(Saved entries)
[Start of section]
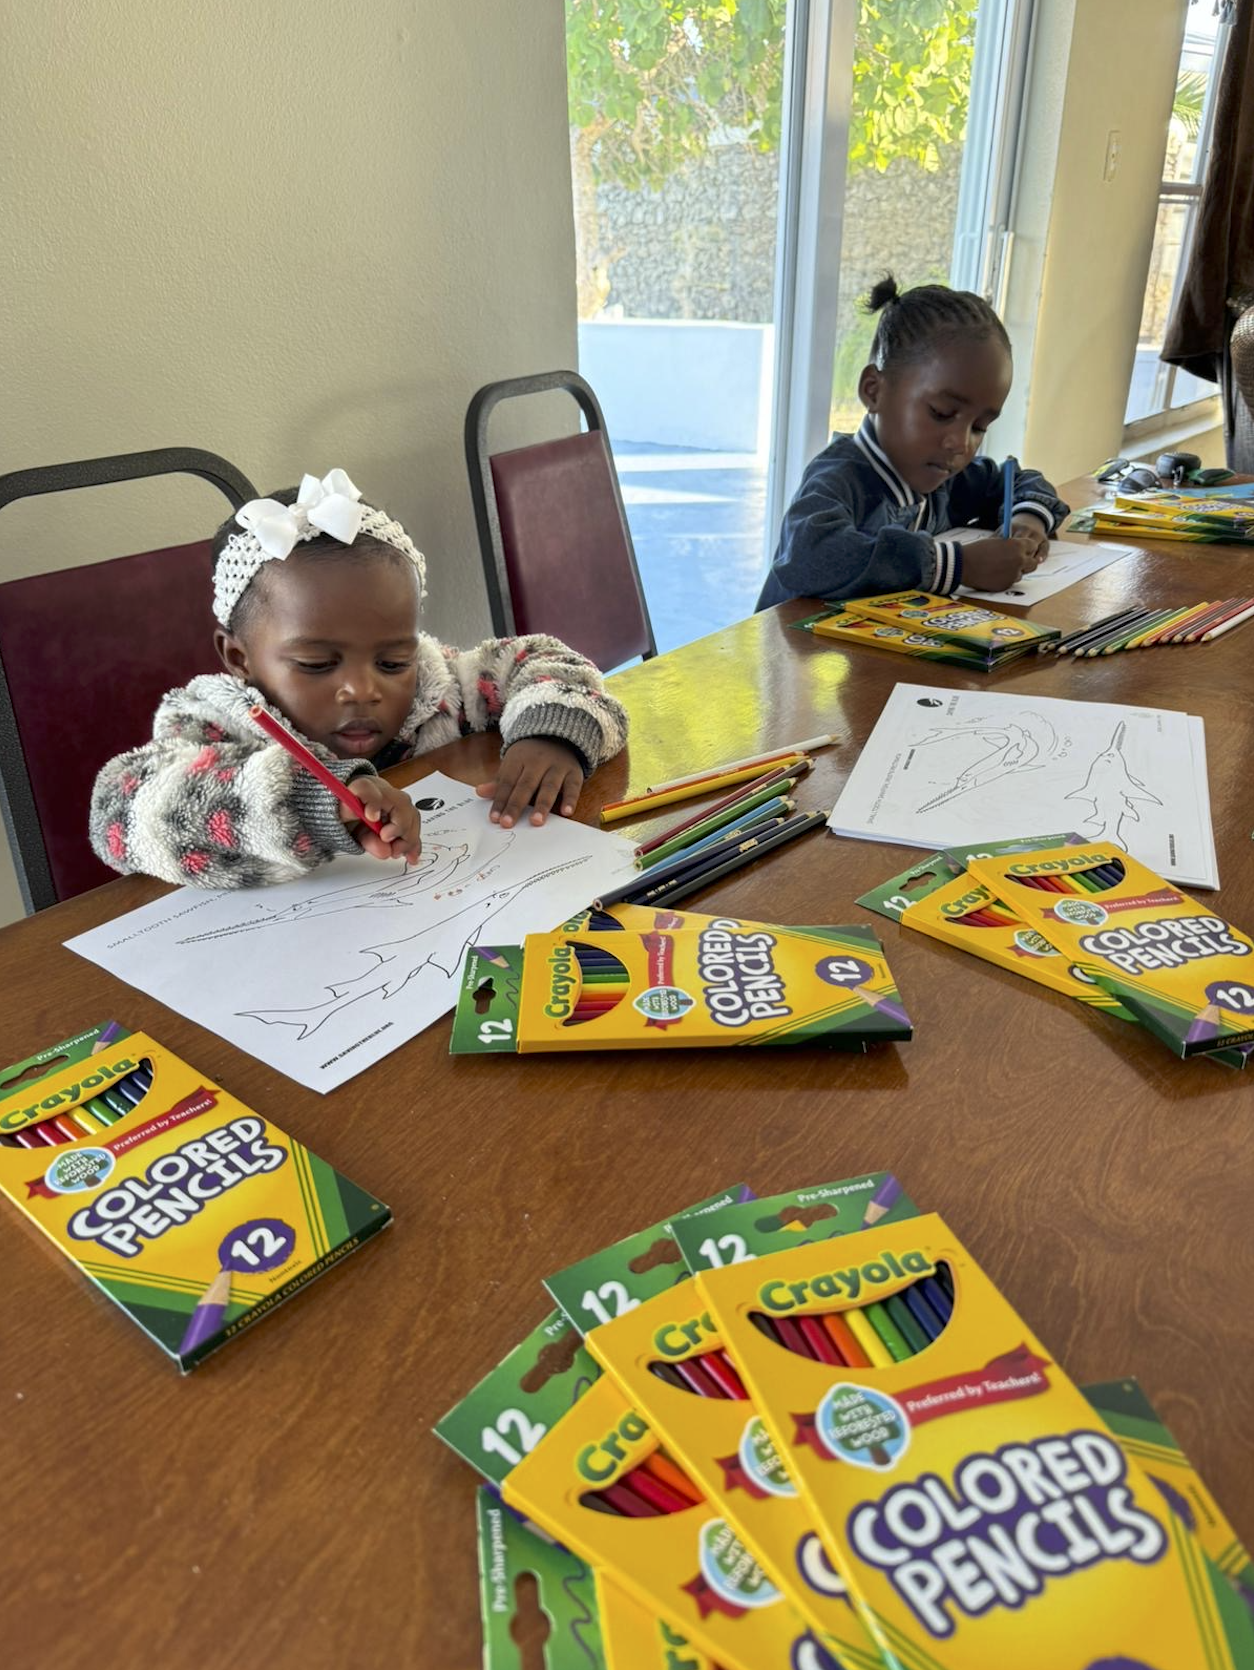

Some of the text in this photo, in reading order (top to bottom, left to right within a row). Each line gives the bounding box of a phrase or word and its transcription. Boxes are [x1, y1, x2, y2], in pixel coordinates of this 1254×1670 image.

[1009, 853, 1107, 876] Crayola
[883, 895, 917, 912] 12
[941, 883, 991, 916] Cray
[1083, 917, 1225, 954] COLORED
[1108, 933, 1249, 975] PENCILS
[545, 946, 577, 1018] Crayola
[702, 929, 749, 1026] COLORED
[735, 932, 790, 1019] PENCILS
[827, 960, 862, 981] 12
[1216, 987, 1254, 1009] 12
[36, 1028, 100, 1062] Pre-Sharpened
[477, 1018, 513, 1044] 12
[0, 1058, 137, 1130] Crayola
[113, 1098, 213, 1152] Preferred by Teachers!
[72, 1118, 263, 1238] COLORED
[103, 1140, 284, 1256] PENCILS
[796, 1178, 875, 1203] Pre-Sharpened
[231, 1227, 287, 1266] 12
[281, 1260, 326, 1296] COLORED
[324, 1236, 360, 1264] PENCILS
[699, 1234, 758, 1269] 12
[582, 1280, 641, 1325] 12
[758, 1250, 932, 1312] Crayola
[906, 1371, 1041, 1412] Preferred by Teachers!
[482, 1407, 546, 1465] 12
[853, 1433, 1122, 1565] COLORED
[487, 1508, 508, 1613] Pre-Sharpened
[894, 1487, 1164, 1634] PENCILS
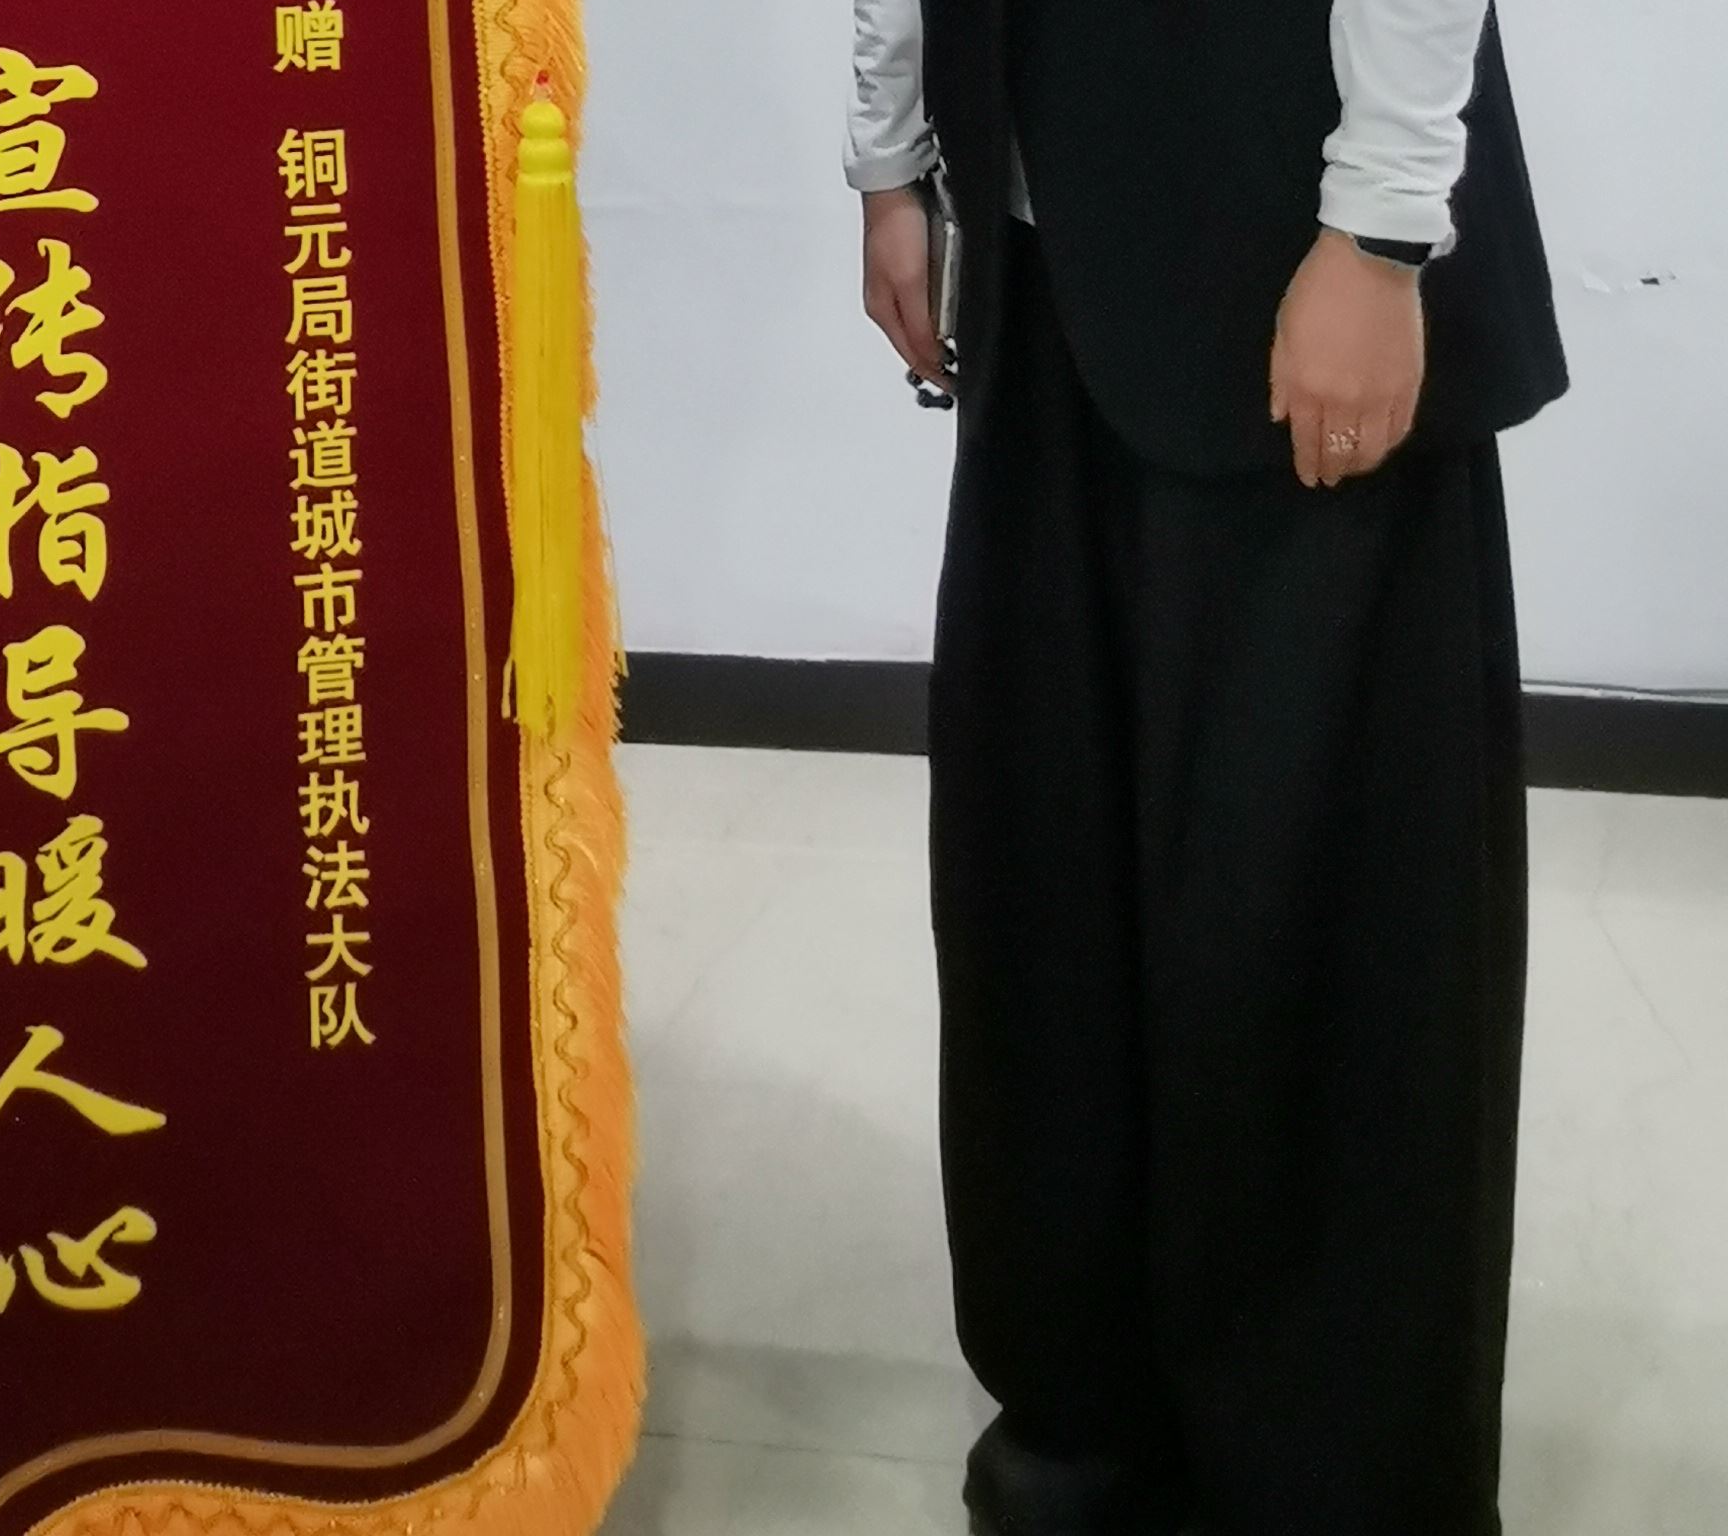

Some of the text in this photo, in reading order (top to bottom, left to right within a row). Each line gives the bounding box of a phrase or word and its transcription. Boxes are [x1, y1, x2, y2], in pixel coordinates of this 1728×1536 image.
[End of section]
Work item –
Leaving out the pictures, output each line above exactly as it is.

Task solution –
Some of the text in this photo, in reading order (top to bottom, left to right within a row). Each line gives the bounding box of a phrase or word and its transcription. Boxes are [x1, y1, x2, y2], in pixel coordinates of this 1254×1670 image.

[1009, 853, 1107, 876] Crayola
[883, 895, 917, 912] 12
[941, 883, 991, 916] Cray
[1083, 917, 1225, 954] COLORED
[1108, 933, 1249, 975] PENCILS
[545, 946, 577, 1018] Crayola
[702, 929, 749, 1026] COLORED
[735, 932, 790, 1019] PENCILS
[827, 960, 862, 981] 12
[1216, 987, 1254, 1009] 12
[36, 1028, 100, 1062] Pre-Sharpened
[477, 1018, 513, 1044] 12
[0, 1058, 137, 1130] Crayola
[113, 1098, 213, 1152] Preferred by Teachers!
[72, 1118, 263, 1238] COLORED
[103, 1140, 284, 1256] PENCILS
[796, 1178, 875, 1203] Pre-Sharpened
[231, 1227, 287, 1266] 12
[281, 1260, 326, 1296] COLORED
[324, 1236, 360, 1264] PENCILS
[699, 1234, 758, 1269] 12
[582, 1280, 641, 1325] 12
[758, 1250, 932, 1312] Crayola
[906, 1371, 1041, 1412] Preferred by Teachers!
[482, 1407, 546, 1465] 12
[853, 1433, 1122, 1565] COLORED
[487, 1508, 508, 1613] Pre-Sharpened
[894, 1487, 1164, 1634] PENCILS

Some of the text in this photo, in reading order (top to bottom, left to right within a row). Each line gives the bounding box of a phrase or word and its transcription. Boxes are [x1, y1, x2, y2], in pixel coordinates of this 1728×1536 image.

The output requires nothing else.